■ **Exercise**:
The entries below must be retyped exactly. Pictures are to be omitted.

:: Input for this task

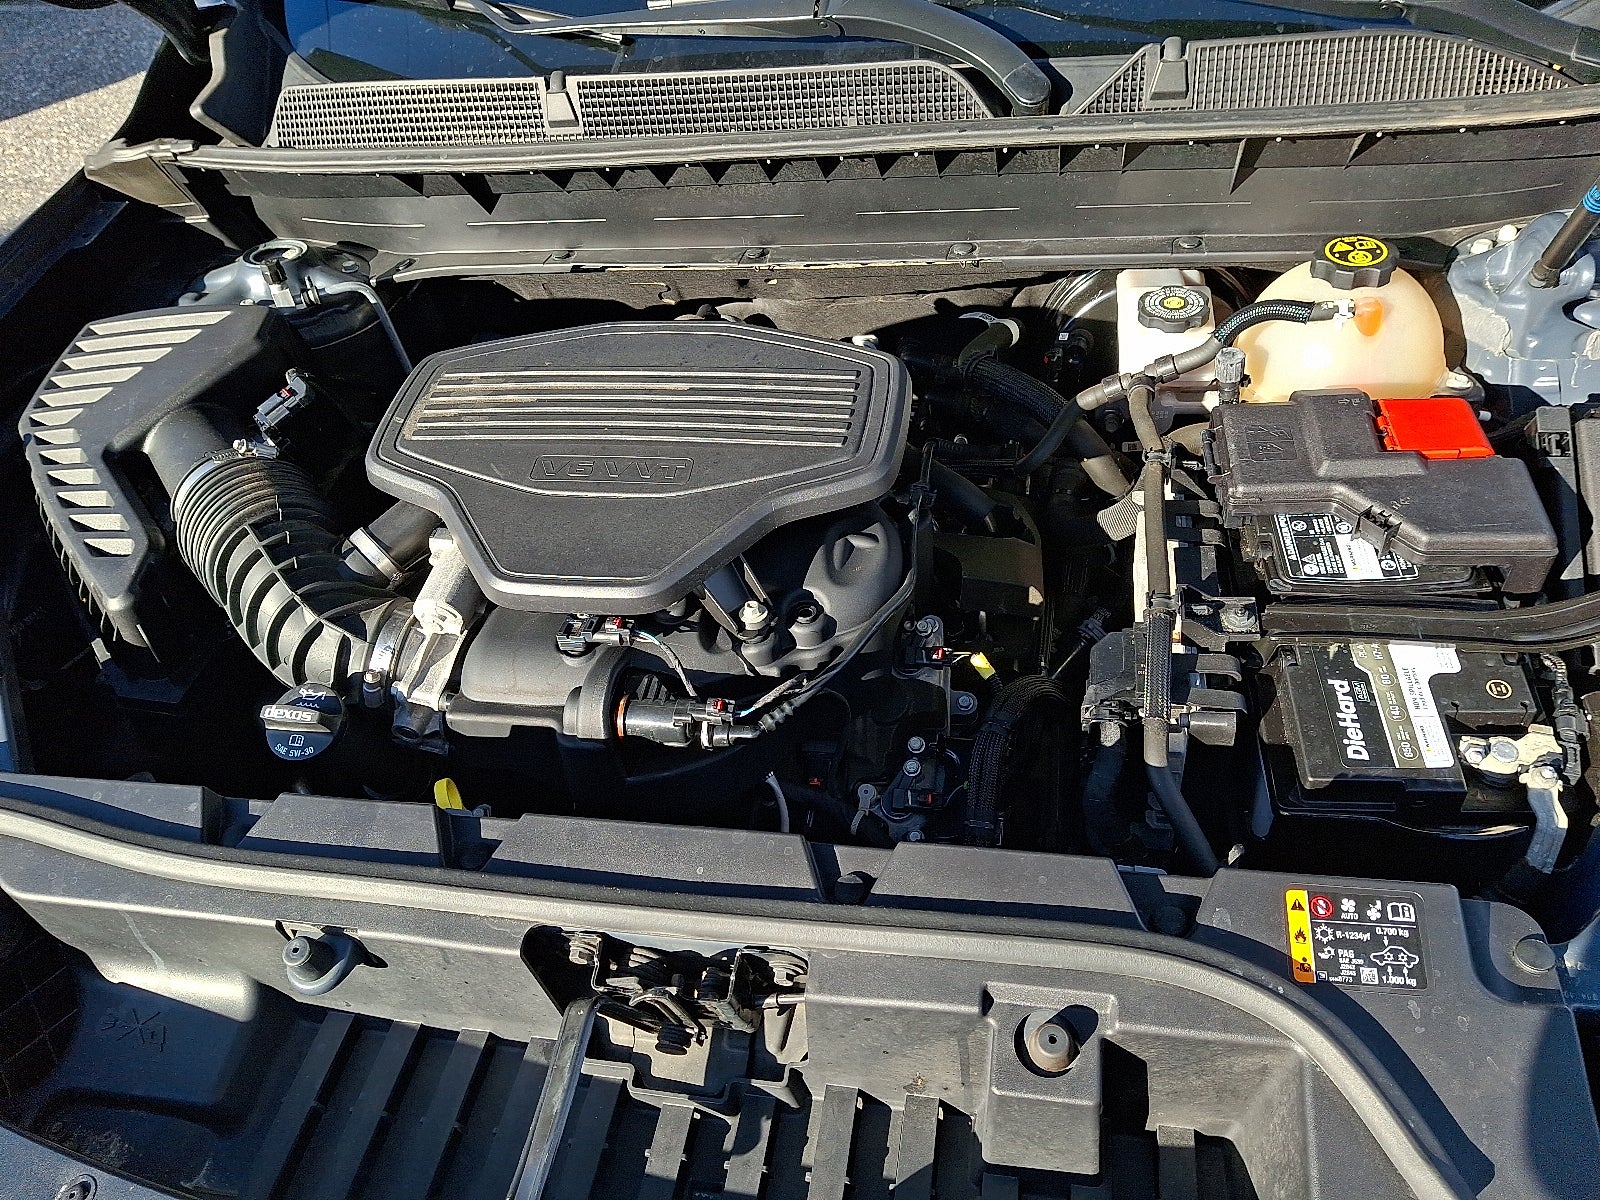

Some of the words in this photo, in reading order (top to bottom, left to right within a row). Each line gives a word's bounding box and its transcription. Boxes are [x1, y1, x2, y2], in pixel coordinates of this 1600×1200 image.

[542, 460, 596, 477] V6
[604, 461, 687, 479] VVT
[1381, 674, 1392, 685] 80
[264, 705, 312, 721] dexos
[1390, 706, 1401, 719] 140
[1327, 679, 1370, 761] DieHard
[274, 743, 288, 755] SAE
[289, 746, 314, 757] 5W-30
[1341, 912, 1359, 920] AUTO
[1335, 930, 1371, 942] R-1234yf
[1375, 926, 1397, 936] 0.700
[1398, 928, 1410, 938] kg
[1337, 948, 1355, 959] PAG
[1382, 975, 1405, 985] 1.000
[1405, 975, 1417, 987] kg
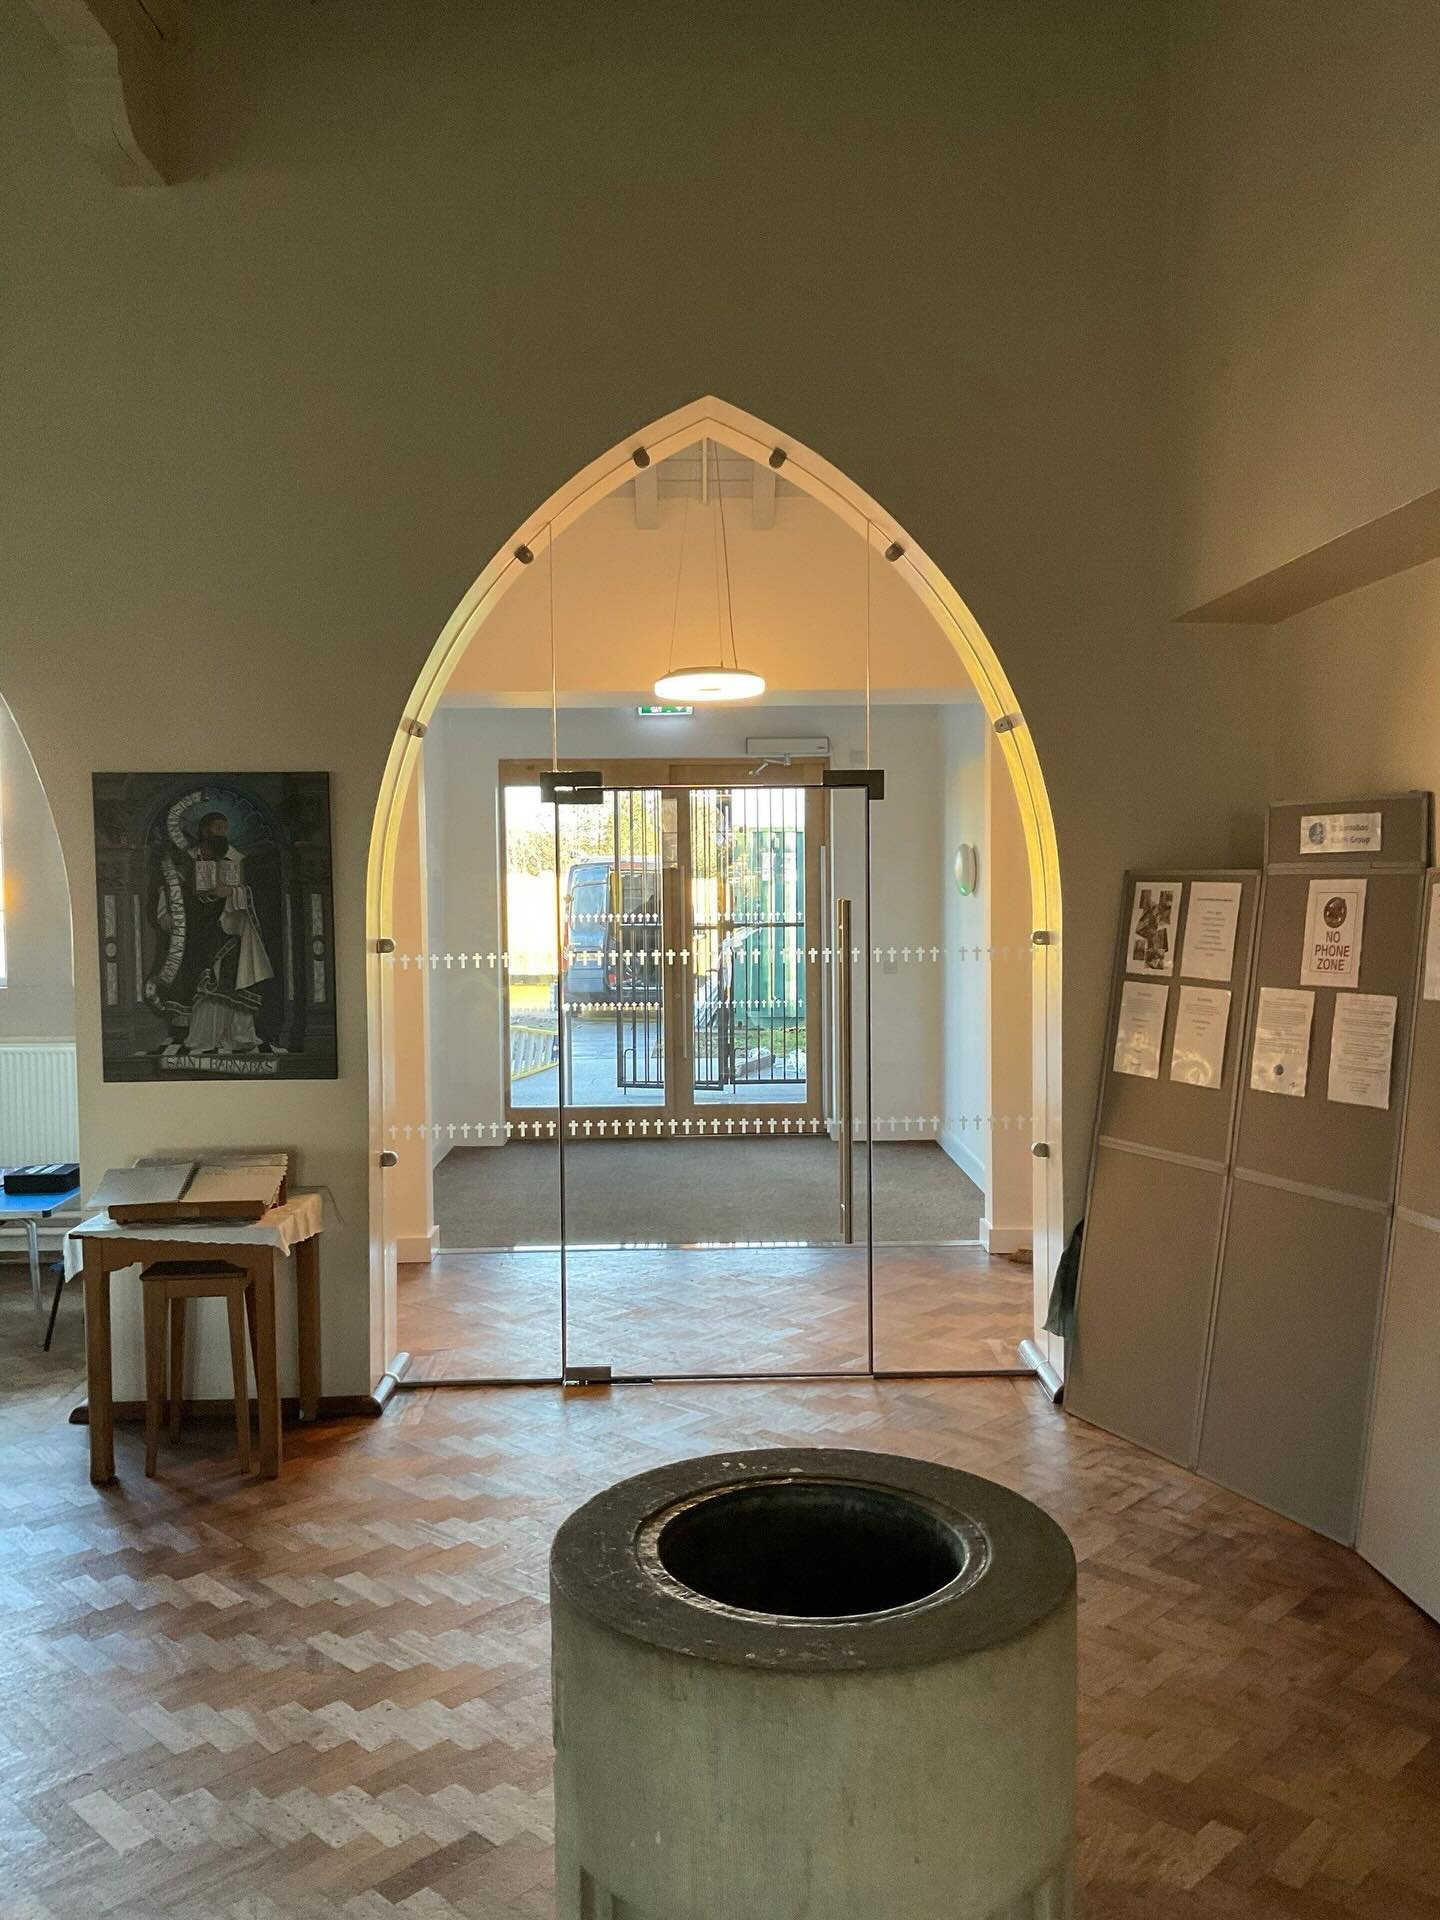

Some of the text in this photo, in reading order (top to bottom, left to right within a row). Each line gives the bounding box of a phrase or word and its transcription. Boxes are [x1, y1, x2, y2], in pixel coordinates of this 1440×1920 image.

[1325, 930, 1341, 943] NO
[1314, 944, 1350, 957] PHONE
[1317, 958, 1345, 971] ZONE
[167, 1055, 205, 1070] SAINT
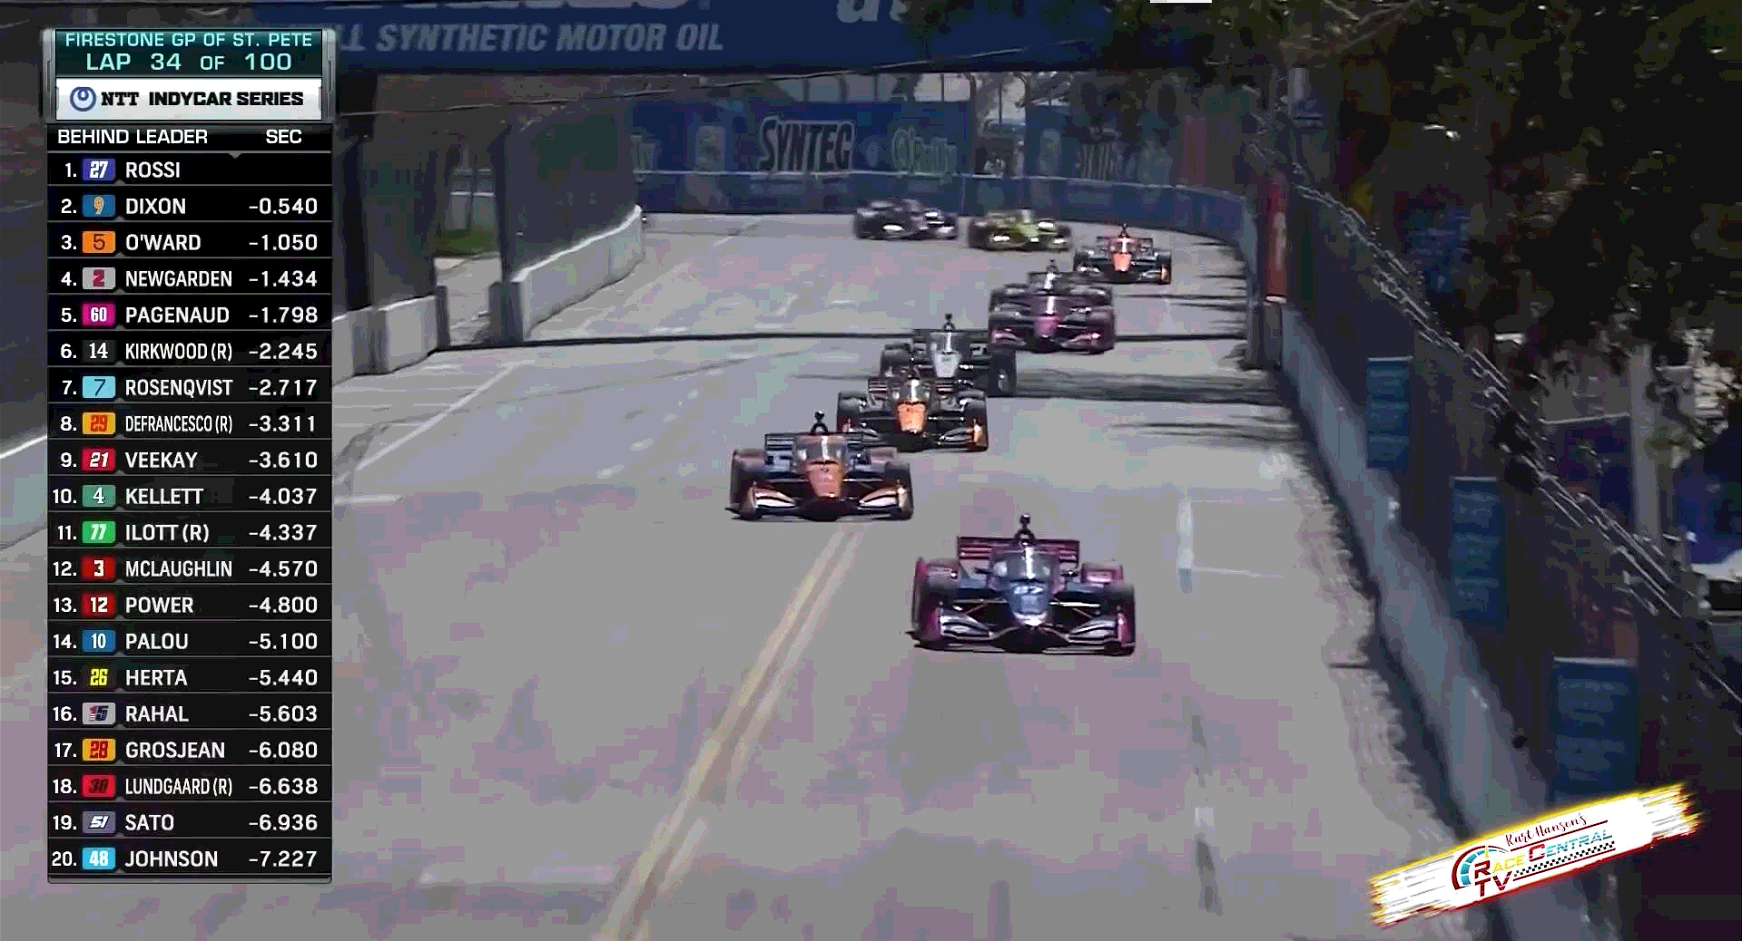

::::

■ **Written answer**:
Some of the words in this photo, in reading order (top to bottom, left to right within a row). Each line gives a word's bounding box and its transcription. Boxes are [x1, y1, x2, y2], in pixel coordinates of this 1600×1200 image.

[542, 460, 596, 477] V6
[604, 461, 687, 479] VVT
[1381, 674, 1392, 685] 80
[264, 705, 312, 721] dexos
[1390, 706, 1401, 719] 140
[1327, 679, 1370, 761] DieHard
[274, 743, 288, 755] SAE
[289, 746, 314, 757] 5W-30
[1341, 912, 1359, 920] AUTO
[1335, 930, 1371, 942] R-1234yf
[1375, 926, 1397, 936] 0.700
[1398, 928, 1410, 938] kg
[1337, 948, 1355, 959] PAG
[1382, 975, 1405, 985] 1.000
[1405, 975, 1417, 987] kg

Some of the text in this photo, in reading order (top to bottom, left to right within a row). Each line gives the bounding box of a phrase or word and its transcription. Boxes are [x1, y1, x2, y2], in pixel coordinates of this 1440×1920 image.

[1325, 930, 1341, 943] NO
[1314, 944, 1350, 957] PHONE
[1317, 958, 1345, 971] ZONE
[167, 1055, 205, 1070] SAINT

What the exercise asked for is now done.